Какие-то звуки, подобно волне, перекрывали даже хор автоматных очередей
— Канай сюда.
— Что?
— Слазь вниз, говорю.
Пан Юзеф сидел на кровати и тыкал по кнопкам своего телефона, ругаясь последними словами…
— Неладное дело, Стрелок… тикать надо…
Внезапно — граф понял, что это за звуки раздавались во всех сторон. Он находился в блоке, где сидели "за политику" — и сейчас кричали арестанты. Боевой клич мятежников — слово "Польша". Оно выкрикивается не в два слога, как при скандировании — Поль-ша! — а в один слог, быстро — Польша! Получается как бы вызов, крик исторгается из горла, из самой души.
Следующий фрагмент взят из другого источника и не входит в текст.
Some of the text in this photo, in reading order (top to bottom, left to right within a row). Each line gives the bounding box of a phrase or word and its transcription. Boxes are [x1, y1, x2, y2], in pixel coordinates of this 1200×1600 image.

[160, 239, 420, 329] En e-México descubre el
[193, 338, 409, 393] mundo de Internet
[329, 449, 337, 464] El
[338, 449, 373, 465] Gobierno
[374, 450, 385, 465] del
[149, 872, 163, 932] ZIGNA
Вот все политические и не спали — орали "Польша!", глядя на то, что происходит за окном.
Пан Юзеф наконец то дозвонился до кого-то
— Земанек, ты? Дрыхнешь? Нет? Что на воле делается?
Получив какой-то ответ пан Юзеф повеселел
— Добро. Заедешь за мной с утра… знаешь, где я. Склады все закрой… на халяву никого поить не будем. Так и скажи, если кто возбухнет — здесь — пана Юзефа добро. Тронете — порвут — так и скажи. Все, давай.
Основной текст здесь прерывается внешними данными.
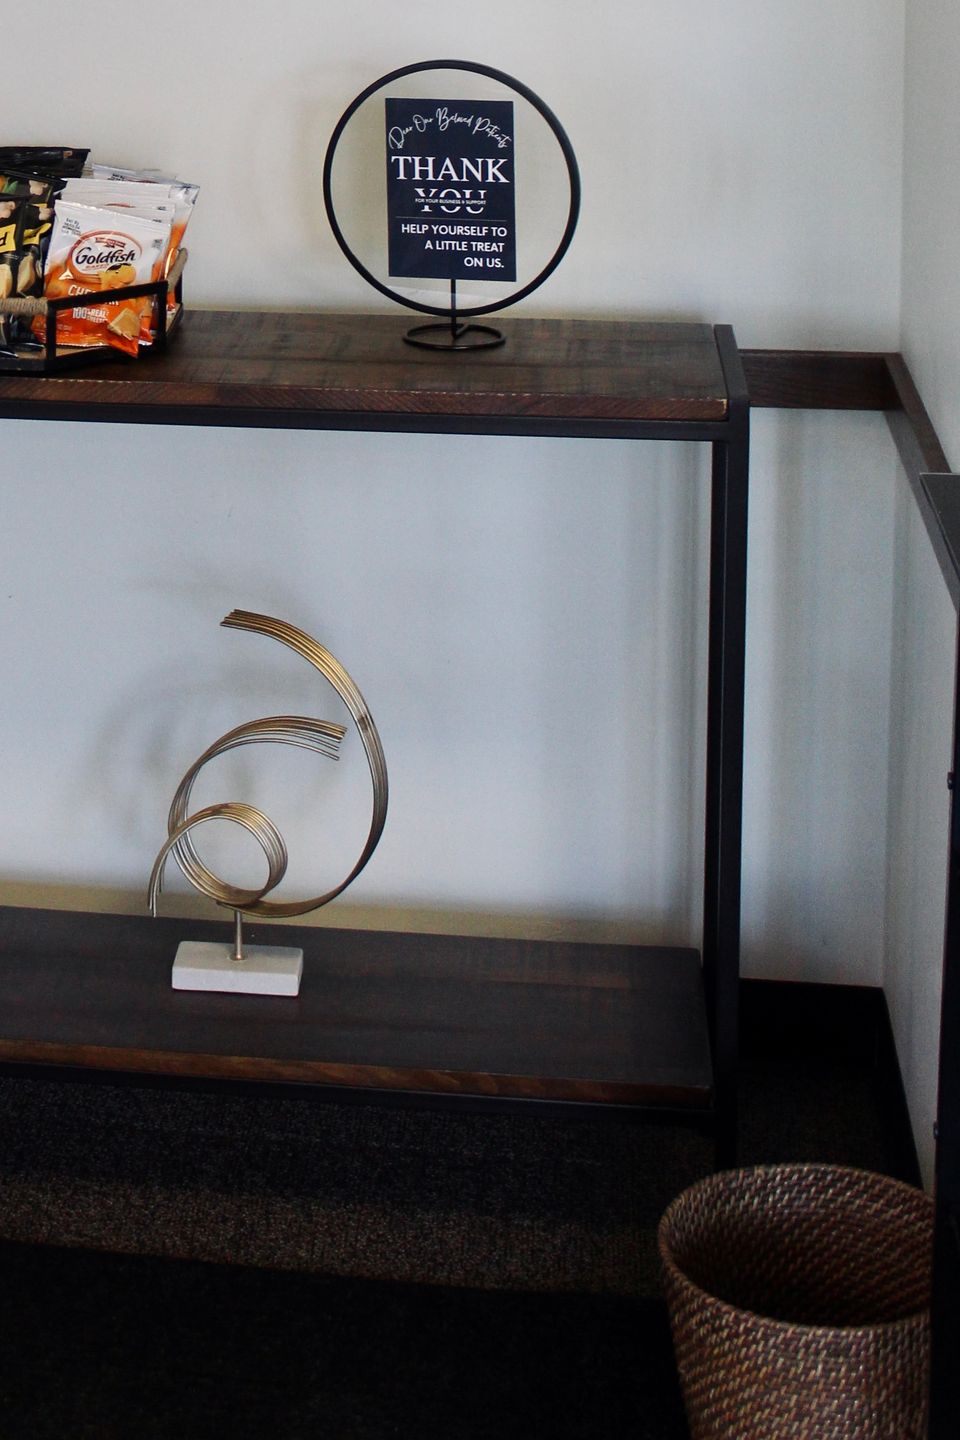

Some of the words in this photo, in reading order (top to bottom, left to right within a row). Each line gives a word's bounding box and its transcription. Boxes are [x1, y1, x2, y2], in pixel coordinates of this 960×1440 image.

[388, 126, 414, 149] Dear
[412, 114, 434, 133] Our
[435, 107, 474, 131] Beloved
[472, 117, 512, 149] Patients
[391, 156, 510, 183] THANK
[414, 187, 487, 214] YOU
[401, 223, 429, 234] HELP
[431, 224, 489, 237] YOURSELF
[491, 226, 508, 237] TO
[75, 246, 137, 266] Goldfish
[424, 240, 434, 250] A
[436, 240, 468, 251] LITTLE
[470, 241, 505, 252] TREAT
[464, 256, 484, 267] ON
[486, 257, 505, 268] US.
Бросив телефон на шконку, пан Юзеф от радости несколько раз хлонул в ладоши.
— Рокош!
— Что?
— Рокош, говорю! По всему городу бой… полициянтов бьют, русских бьют, жидов бьют. Наше время пришло. Завтра соскочим…
За ними пришли в пять утра, когда над Варшавой только занимался рассвет. Сначала кто-то пробежал по коридору, крича "Польша!" как оглашенный, потом загремели ключами. Отрывисто лязгнул засов.
— Сколько здесь!?
— Двое! — ответил за обоих пан Юзеф
— Выходите, братья! Свобода! Польша!
— Польша… мать их так… — негромко выругался пан Юзеф — только и орать про Польшу. Как дела делать… Пошли… Стрелок…
В мрачном каменном коридоре — это было старое здание ДПЗ, построенное еще в начале прошлого века, строили на совесть — кипит людская толпа. Кто-то уже с кем-то разбирается — людской водоворот, кого-то месят ногами. Убивали тюремщиков — видимо, стояли до последнего, не желая выпускать на улицы уголовный сброд, оставались верными присяге до конца, хоть многие другие уже присягу эту предали. Кто-то просто пытается выбраться наружу как можно быстрее. Все решетки — настежь, двери в камерах — настежь, двери между блоками — настежь. Никто никого не пытается сдержать, все делают что хотят. На улице одна за другой гремят автоматные очереди, то ли в небо, то ли еще куда. Анархия…
— Двигай за мной, Стрелок — по-хозяйски распорядился пан Юзеф, смело бросаясь в людской водоворот.
Никому ни до кого не было дела — в том числе и до графа Комаровского, сына генерала Тадеуша Комаровского. Революция — это всегда анархия, если открывают камеры — то открывают их все и ни на что не обращают внимания. Это потом появится революционный порядок — какая-то копия нормального порядка.